**TASK REQUIREMENTS**
Starting with the line that contains "this 1500×2000 image.", copy every line through the end of the data below, exactly and with nothing added.
Start of Block
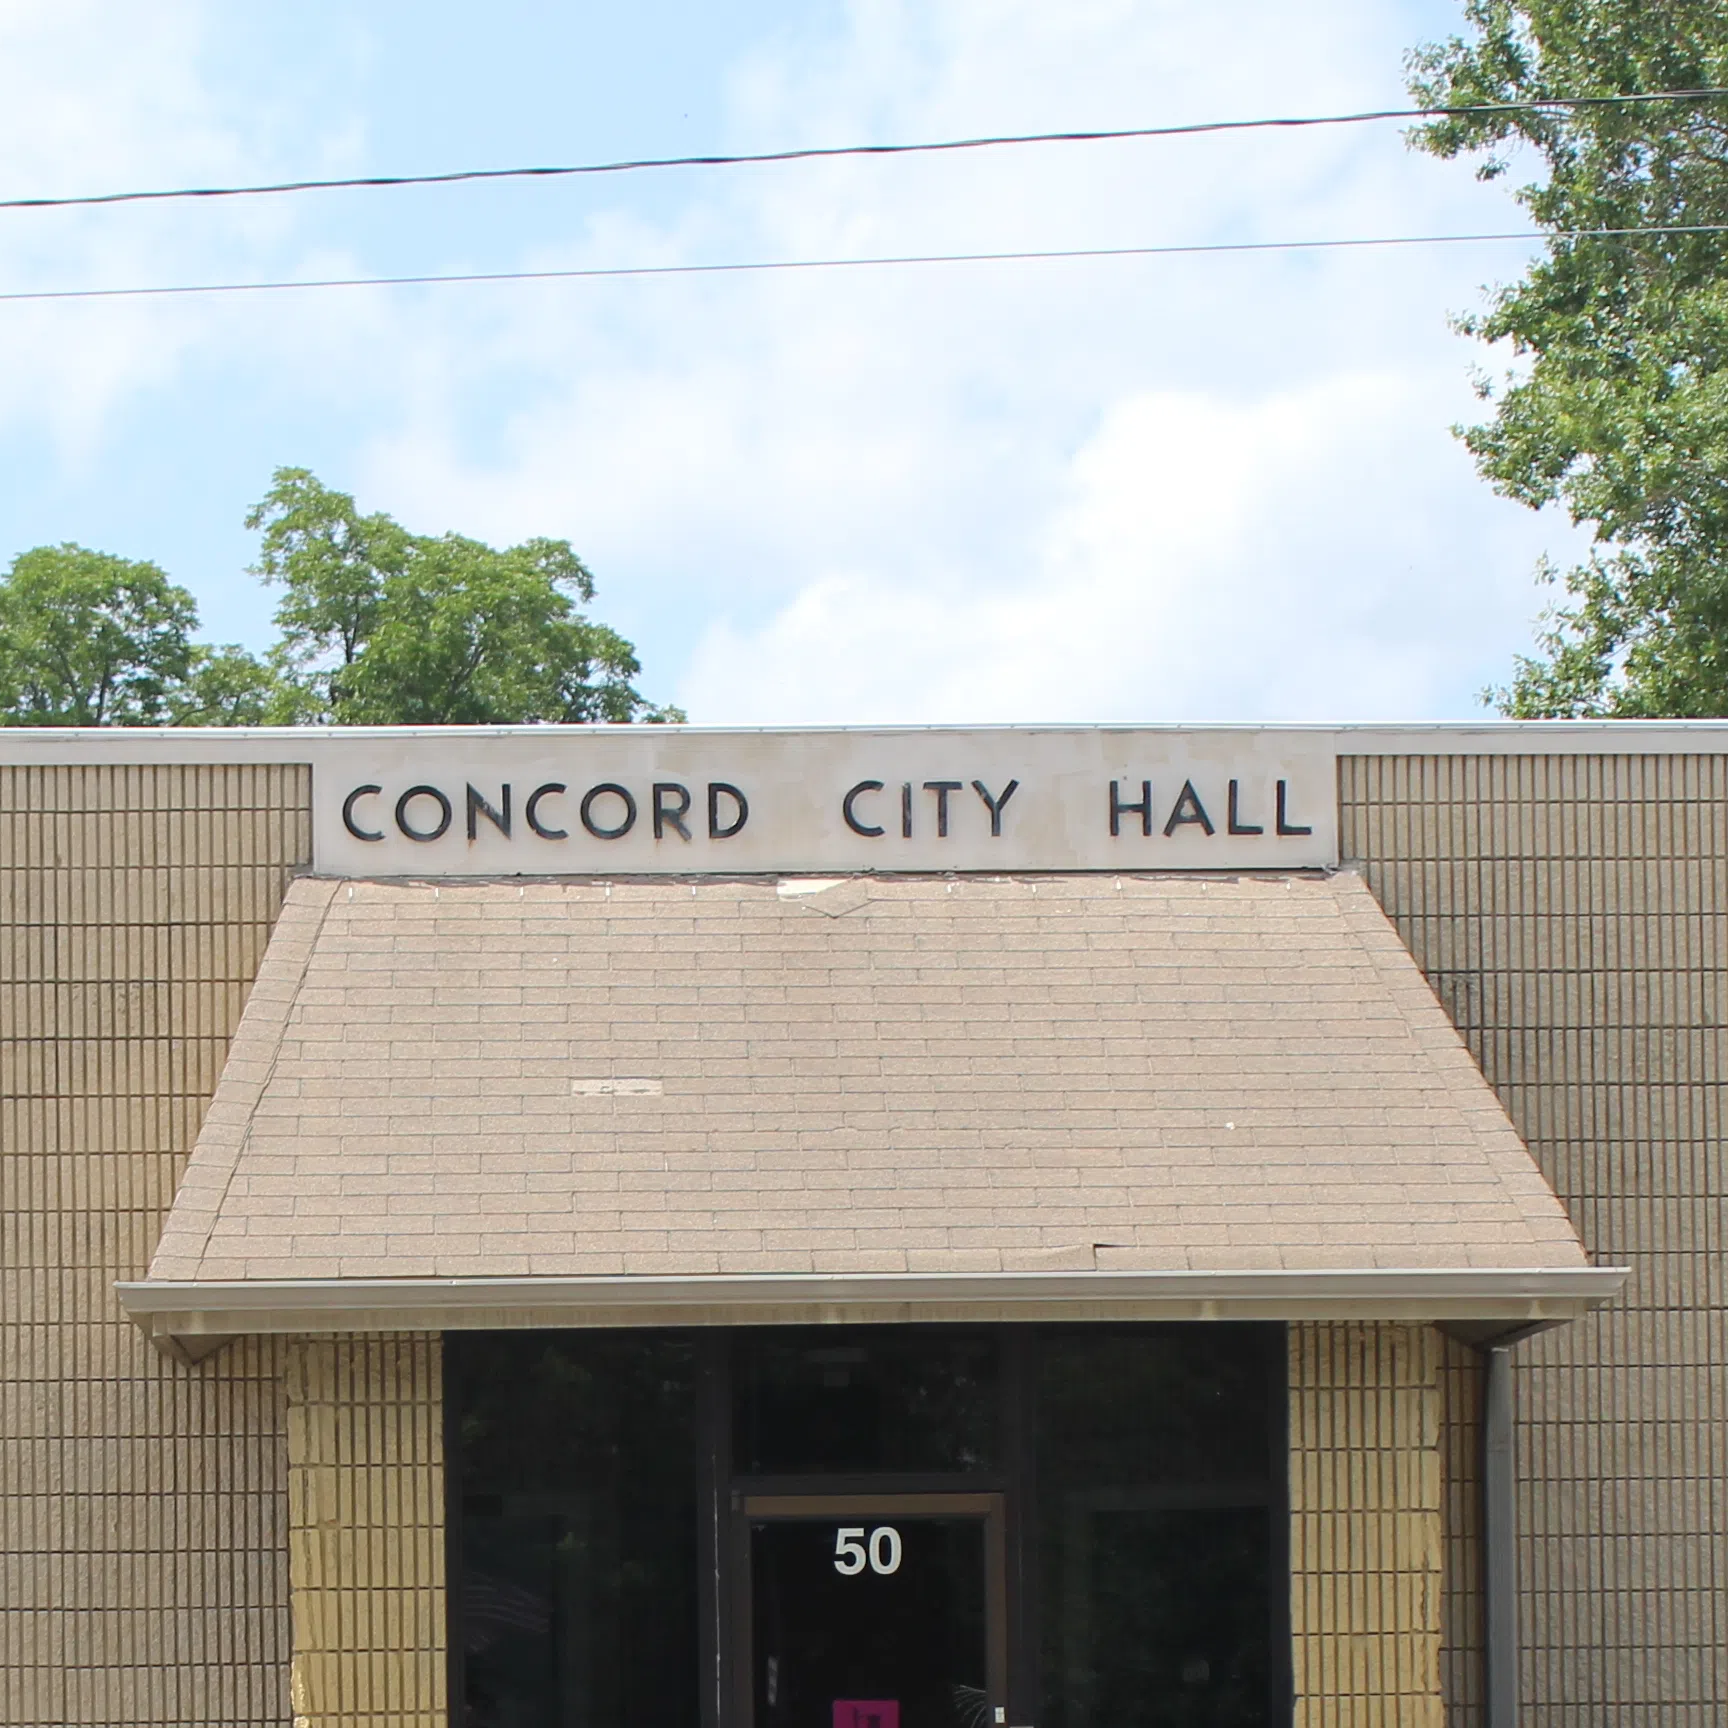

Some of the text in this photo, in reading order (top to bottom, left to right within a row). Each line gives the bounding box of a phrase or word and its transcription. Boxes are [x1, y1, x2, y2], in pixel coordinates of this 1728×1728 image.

[342, 779, 1312, 841] CONCORD CITY HALL
[833, 1526, 902, 1575] 50
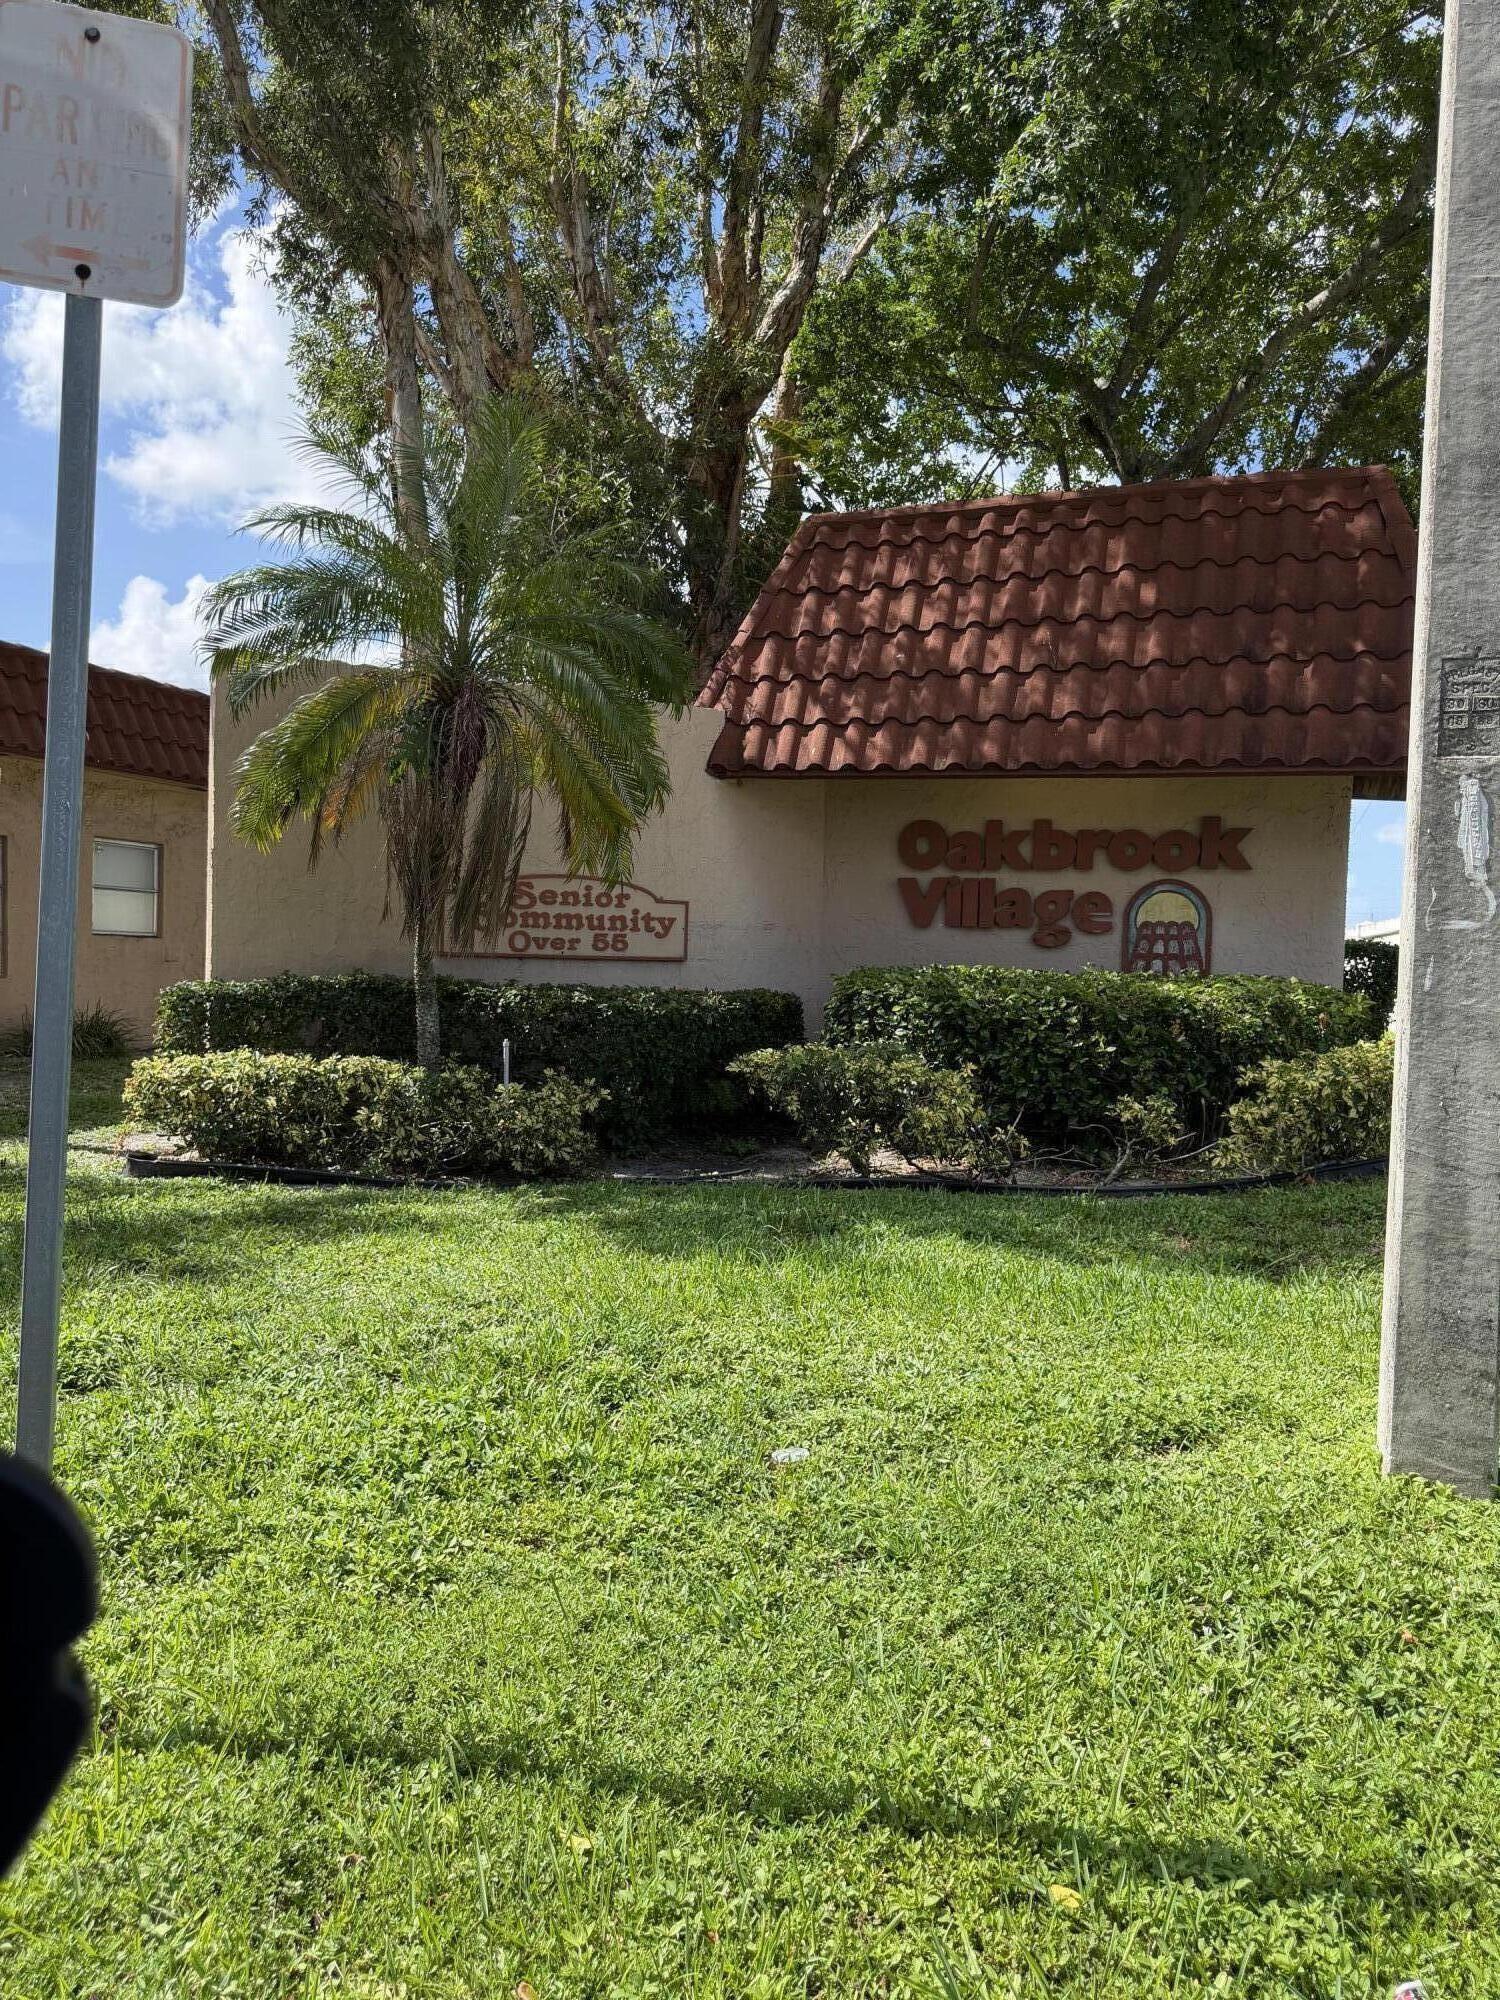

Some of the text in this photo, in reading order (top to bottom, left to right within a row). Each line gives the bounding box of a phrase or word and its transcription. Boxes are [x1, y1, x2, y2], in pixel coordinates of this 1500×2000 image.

[898, 816, 1255, 873] Oakbrook
[511, 881, 631, 910] Senior
[474, 907, 677, 939] ommunity
[897, 876, 1114, 949] Village
[508, 930, 629, 952] Over 55
End of Block
**SOLUTION TO THIS PROBLEM**
Some of the text in this photo, in reading order (top to bottom, left to right within a row). Each line gives the bounding box of a phrase or word and its transcription. Boxes are [x1, y1, x2, y2], in pixel coordinates of this 1500×2000 image.

[898, 816, 1255, 873] Oakbrook
[511, 881, 631, 910] Senior
[474, 907, 677, 939] ommunity
[897, 876, 1114, 949] Village
[508, 930, 629, 952] Over 55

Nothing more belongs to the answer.